▶ Dataset extract:
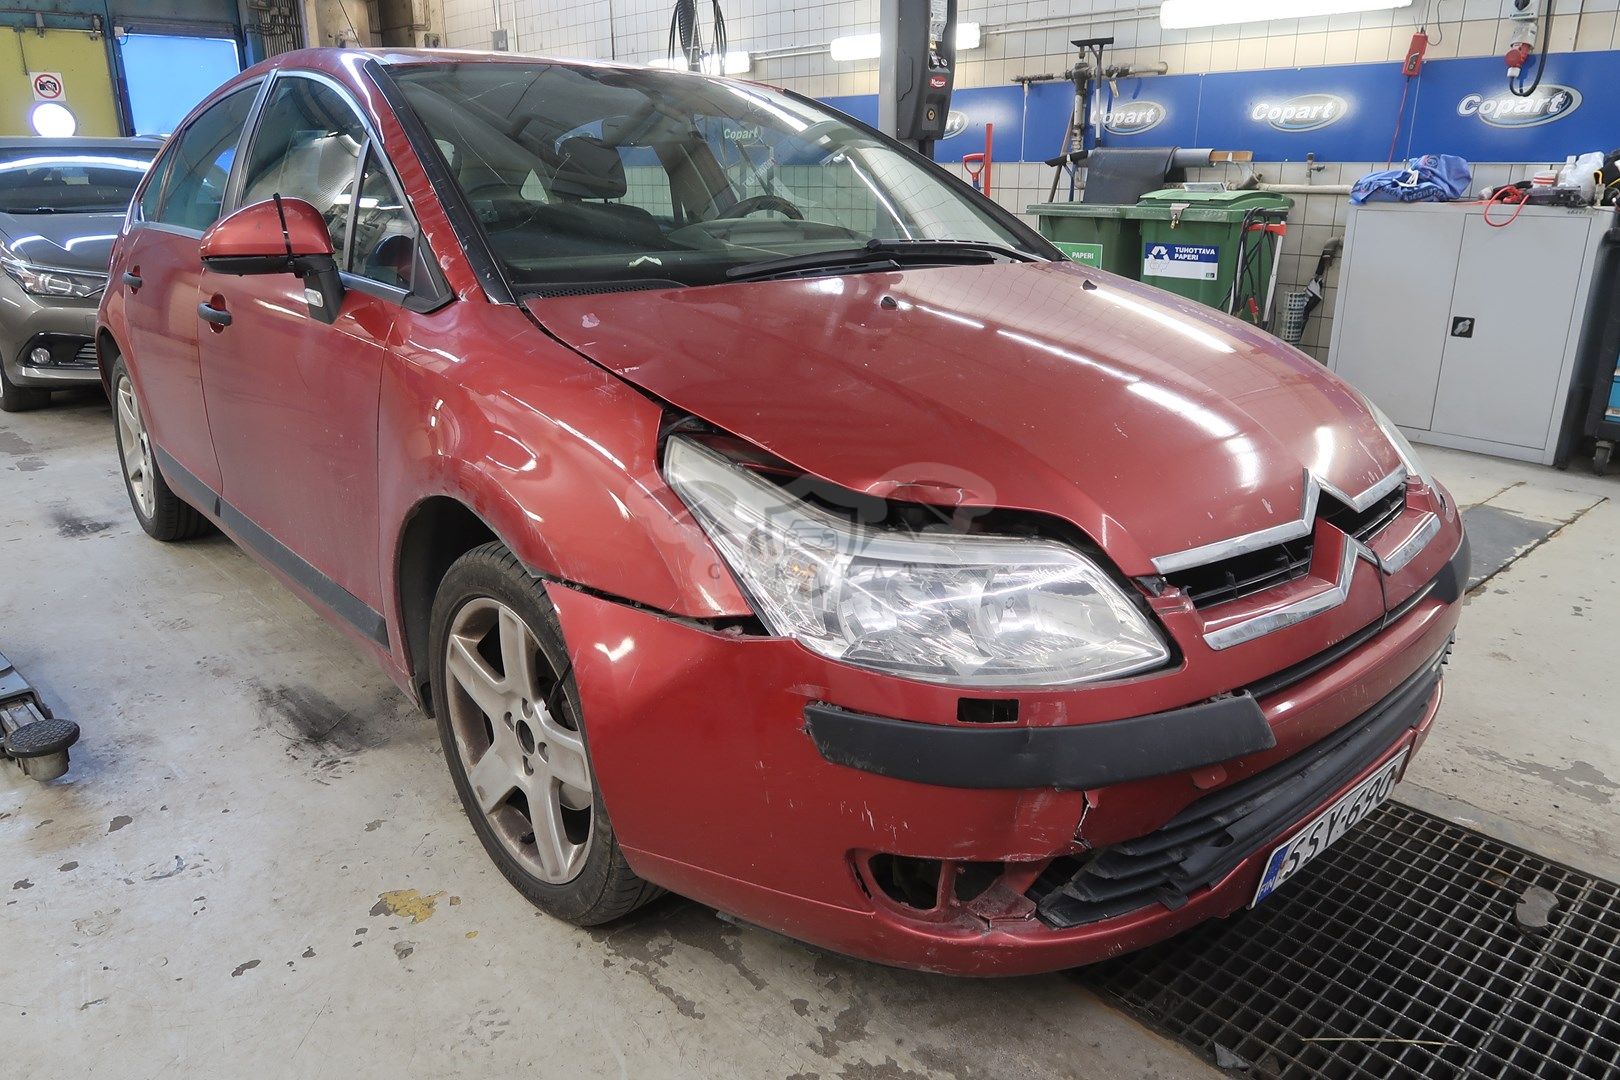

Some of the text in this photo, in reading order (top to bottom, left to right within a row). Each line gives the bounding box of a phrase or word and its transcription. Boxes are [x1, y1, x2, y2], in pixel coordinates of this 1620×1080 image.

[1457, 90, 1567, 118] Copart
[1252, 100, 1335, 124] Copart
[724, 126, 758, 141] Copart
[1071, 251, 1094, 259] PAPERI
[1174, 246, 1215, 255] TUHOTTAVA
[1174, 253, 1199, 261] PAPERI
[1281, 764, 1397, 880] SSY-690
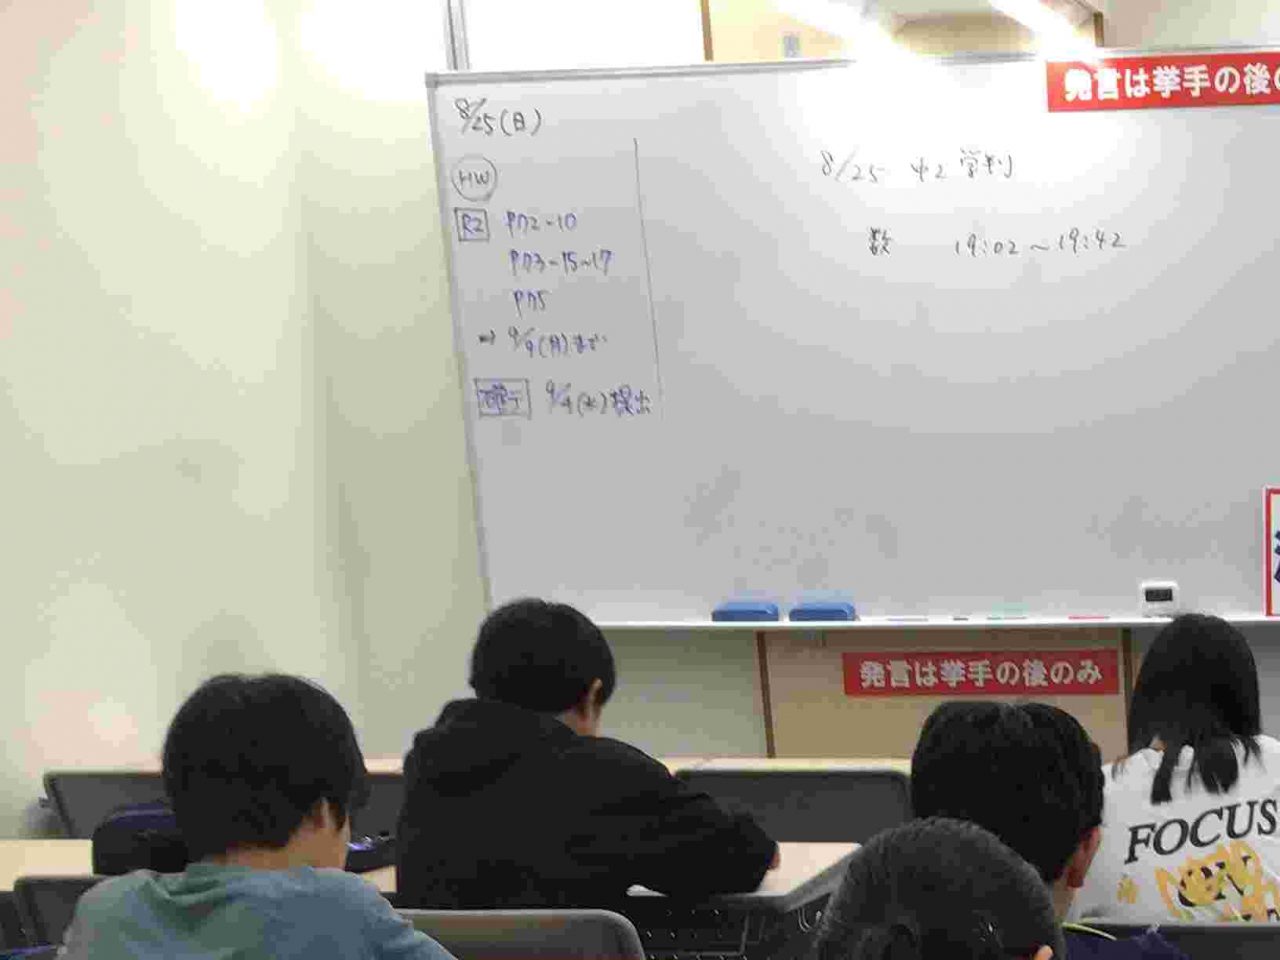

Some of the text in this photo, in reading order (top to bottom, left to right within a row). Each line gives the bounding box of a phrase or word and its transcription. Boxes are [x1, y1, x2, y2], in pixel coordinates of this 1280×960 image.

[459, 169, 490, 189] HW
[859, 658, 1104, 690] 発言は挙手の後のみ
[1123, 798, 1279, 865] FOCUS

▶ Problem to work on:
The listing must be repeated word for word, and none of its pictures may appear in the copy.

▶ Response box:
Some of the text in this photo, in reading order (top to bottom, left to right within a row). Each line gives the bounding box of a phrase or word and its transcription. Boxes are [x1, y1, x2, y2], in pixel coordinates of this 1620×1080 image.

[1457, 90, 1567, 118] Copart
[1252, 100, 1335, 124] Copart
[724, 126, 758, 141] Copart
[1071, 251, 1094, 259] PAPERI
[1174, 246, 1215, 255] TUHOTTAVA
[1174, 253, 1199, 261] PAPERI
[1281, 764, 1397, 880] SSY-690

Some of the text in this photo, in reading order (top to bottom, left to right within a row). Each line gives the bounding box of a phrase or word and its transcription. Boxes are [x1, y1, x2, y2], in pixel coordinates of this 1280×960 image.

[459, 169, 490, 189] HW
[859, 658, 1104, 690] 発言は挙手の後のみ
[1123, 798, 1279, 865] FOCUS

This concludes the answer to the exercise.